═══ Records ═══

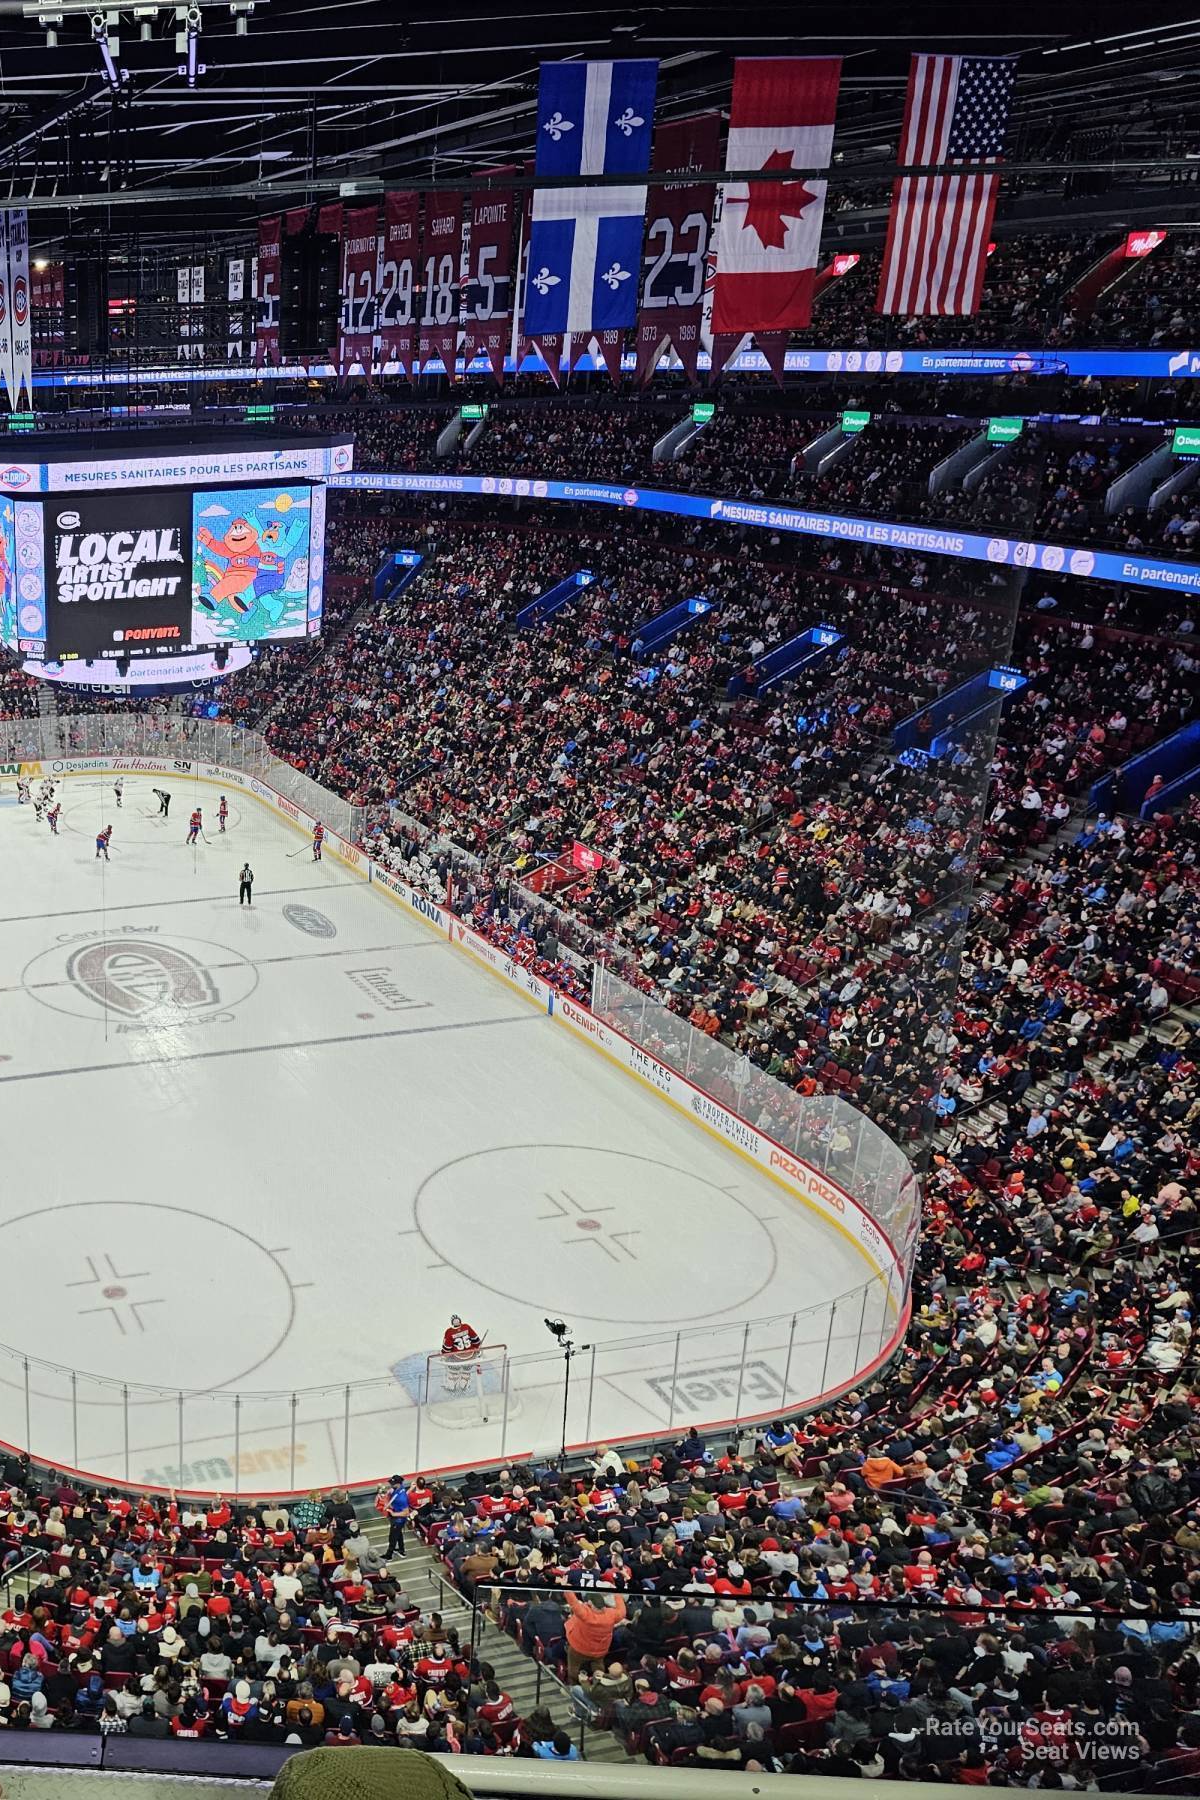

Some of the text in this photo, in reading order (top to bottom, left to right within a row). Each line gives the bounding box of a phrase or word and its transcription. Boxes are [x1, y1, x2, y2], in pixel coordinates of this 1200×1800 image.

[431, 216, 455, 236] SAVARD
[474, 203, 508, 226] LAPOINTE
[390, 222, 412, 241] DRYDEN
[642, 211, 708, 309] 23
[383, 258, 413, 327] 29
[421, 254, 454, 326] 18
[475, 245, 498, 321] 5
[262, 273, 275, 328] 5
[348, 270, 372, 336] 12
[603, 330, 619, 345] 1989
[642, 324, 697, 341] 1973 1989
[922, 356, 933, 366] En
[65, 460, 308, 483] MESURES SANITAIRES POUR LES PARTISANS
[354, 476, 463, 490] POUR LES PARTISANS
[564, 486, 573, 496] En
[609, 491, 622, 500] avec
[722, 504, 964, 552] MESURES SANITAIRES POUR LES PARTISANS
[58, 530, 180, 566] LOCAL
[56, 562, 138, 585] ARTIST
[1122, 563, 1139, 576] En
[58, 576, 181, 603] SPOTLIGHT
[124, 626, 181, 641] PONYMTL
[820, 632, 833, 643] Bell
[130, 662, 207, 678] partenariat avec
[1000, 675, 1017, 690] Bell
[0, 761, 43, 775] WM
[66, 760, 109, 770] Desjardins
[112, 758, 167, 771] Tim Hortons
[173, 760, 192, 771] SN
[411, 892, 444, 927] RONA
[630, 1046, 672, 1082] THE KEG
[702, 1100, 759, 1148] PROPER TWELVE
[702, 1112, 758, 1153] IRISH WHISKEY
[770, 1150, 846, 1215] pizza pizza
[861, 1216, 880, 1245] Scotia
[453, 1334, 472, 1351] 35
[670, 1373, 782, 1411] Fuel

═══

What you will do: Retype every entry exactly as written, but omit the pictures.

Result of the task:
Some of the text in this photo, in reading order (top to bottom, left to right within a row). Each line gives the bounding box of a phrase or word and its transcription. Boxes are [x1, y1, x2, y2], in pixel coordinates of this 1200×1800 image.

[431, 216, 455, 236] SAVARD
[474, 203, 508, 226] LAPOINTE
[390, 222, 412, 241] DRYDEN
[642, 211, 708, 309] 23
[383, 258, 413, 327] 29
[421, 254, 454, 326] 18
[475, 245, 498, 321] 5
[262, 273, 275, 328] 5
[348, 270, 372, 336] 12
[603, 330, 619, 345] 1989
[642, 324, 697, 341] 1973 1989
[922, 356, 933, 366] En
[65, 460, 308, 483] MESURES SANITAIRES POUR LES PARTISANS
[354, 476, 463, 490] POUR LES PARTISANS
[564, 486, 573, 496] En
[609, 491, 622, 500] avec
[722, 504, 964, 552] MESURES SANITAIRES POUR LES PARTISANS
[58, 530, 180, 566] LOCAL
[56, 562, 138, 585] ARTIST
[1122, 563, 1139, 576] En
[58, 576, 181, 603] SPOTLIGHT
[124, 626, 181, 641] PONYMTL
[820, 632, 833, 643] Bell
[130, 662, 207, 678] partenariat avec
[1000, 675, 1017, 690] Bell
[0, 761, 43, 775] WM
[66, 760, 109, 770] Desjardins
[112, 758, 167, 771] Tim Hortons
[173, 760, 192, 771] SN
[411, 892, 444, 927] RONA
[630, 1046, 672, 1082] THE KEG
[702, 1100, 759, 1148] PROPER TWELVE
[702, 1112, 758, 1153] IRISH WHISKEY
[770, 1150, 846, 1215] pizza pizza
[861, 1216, 880, 1245] Scotia
[453, 1334, 472, 1351] 35
[670, 1373, 782, 1411] Fuel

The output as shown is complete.